Just a couple of weeks ago, I attended #SearchLove London hosted by the folks at Distilled.
In my last post, I shared what I consider to be the UK’s finest SEO conferences, and SearchLove is right at the top of that list. In a sentence, it was the perfect recipe of content ideas, geeky tips and slick powerpoint goodness (nobody ever credits nicely-designed slides, it’s an art for us nerds – seriously).

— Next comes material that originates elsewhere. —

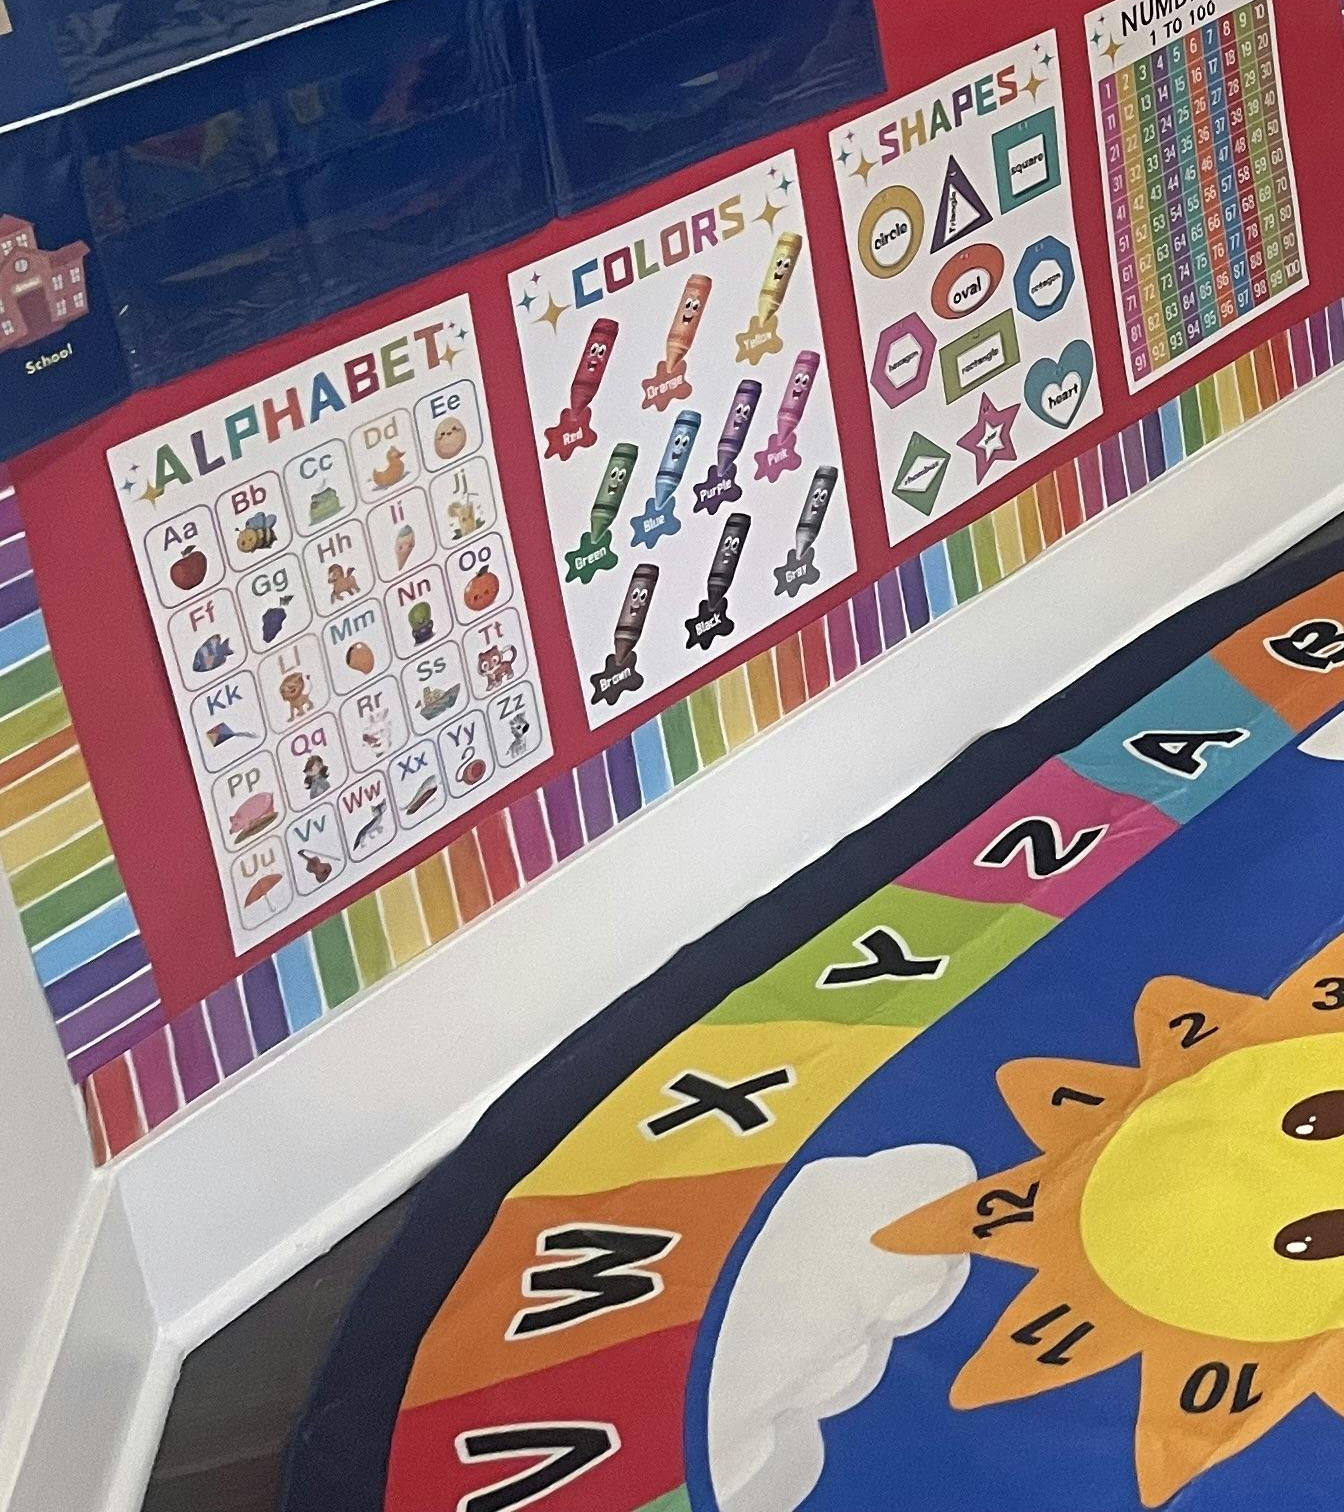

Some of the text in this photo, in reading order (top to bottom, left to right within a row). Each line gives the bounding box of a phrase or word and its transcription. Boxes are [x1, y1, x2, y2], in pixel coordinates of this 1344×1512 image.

But, as I’m a charitable man, I saved you from paying the £649 ticket price and decided to list all the new SEO geek tools that were shared at the event. Just imagine all the paid links you can buy now with that saved cash! Just kidding (just promise that you won’t use it to make an infographic, the world is sick of them, there’s even an infographic on it).
Tynt
http://www.tynt.com/
Get a sneaky free link whenever someone copy & pastes your content. Just tag up your site and you’ll suddenly find yourself begging for people to steal from you.
Pingdom
http://www.pingdom.com/
Looking after SEO for a massive website? Like me, you may find on occasion that the page you’re link building to suddenly goes dead and of course, you don’t find out until it’s too late. Pingdom will shoot you an email, text or tweet whenever your specified Page URL(s) has a titanic like experience.
ResponseSource
http://www.responsesource.com/
Using ResponseSource, you’ll find Journalists looking for help in fleshing out their current story. Chip in, and you might just get a link out of it (obviously, don’t show your hand straight away, play it cool).
Credit: @heatherhealy
Cision
http://uk.cision.com
At a glance, Cision seems like an absolute bloody goldmine. Blogger & Journalist Outreach is a growing trend in the supposedly post-paid link building world, Cision lets you find a ton of top-notch contacts, relevant to your sector, with ease. Find key people, build up a relationship, involve them in your content creation and, hopefully, you’ll forget dodgy rented links ever existed when they naturally link to it.
Credit: @CreareSEO
TinEye
http://www.tineye.com/
If an absolute flipping miracle has occurred, and someone has picked up your infographic on “The History of Toilets”, TinEye will do a quick reverse lookup and find all the placements of it across the web. Google Images can also be used to do this now, but everyone loves multiple data-sets.
Be a Typo Ninja, Fix Broken Links via Mis-spellings
SEOBook Typo Generator & http://www.majesticseo.co.uk/
Use a Typo Generator to figure out all the common mis-spellings of your brand-name, use =concatenate in Excel to add domain extensions (.co.uk, .com) and then bulk lookup the data via Majestic SEO. You might just find a bunch of great, free links, pointing to misspellings of your domain. I found 300+ broken links for one of my clients, crazy stuff.
Credit: @wilreynolds
Video Sitemap Generator
http://dis.tl/video-sitemap-generator
For about a year, I spent an hour each week making video XML sitemaps to ensure my clients video content got indexed in Google. Use this Google Doc powered Video XML Sitemap wizard to make them in minutes, good times, if only I could time travel.
Credit: @philnottingham
Web Sniffer
http://www.web-sniffer.net/
Wake up in the morning and feel the need to check a URLs response code? Probably not, but WebSniffer will be there for you when you a 404, 200 or 301 comes to mind. Quickly get a detailed view on that redirect that you don’t quite trust.
Credit: @conversionfac
Twitter App Goodness
Need charts and insight on a Twitter user? Try Tweetarchivist to scrape their tweets, or see their universe via MentionMapp. Or, on the unlucky chance that you’ve yet to discover FollowerWonk, use it build a segmented list of people, who might just enjoy that latest blog post you wrote.
What’s the most recent SEO tool you discovered? Answers on a postcard please (or, the comments box will do just fine).
Just as a footnote, some of these were discovered through the magic of awkward networking and small-talk (“So what do you think of article spinning? It’s awesome!”), so credit is given where possible.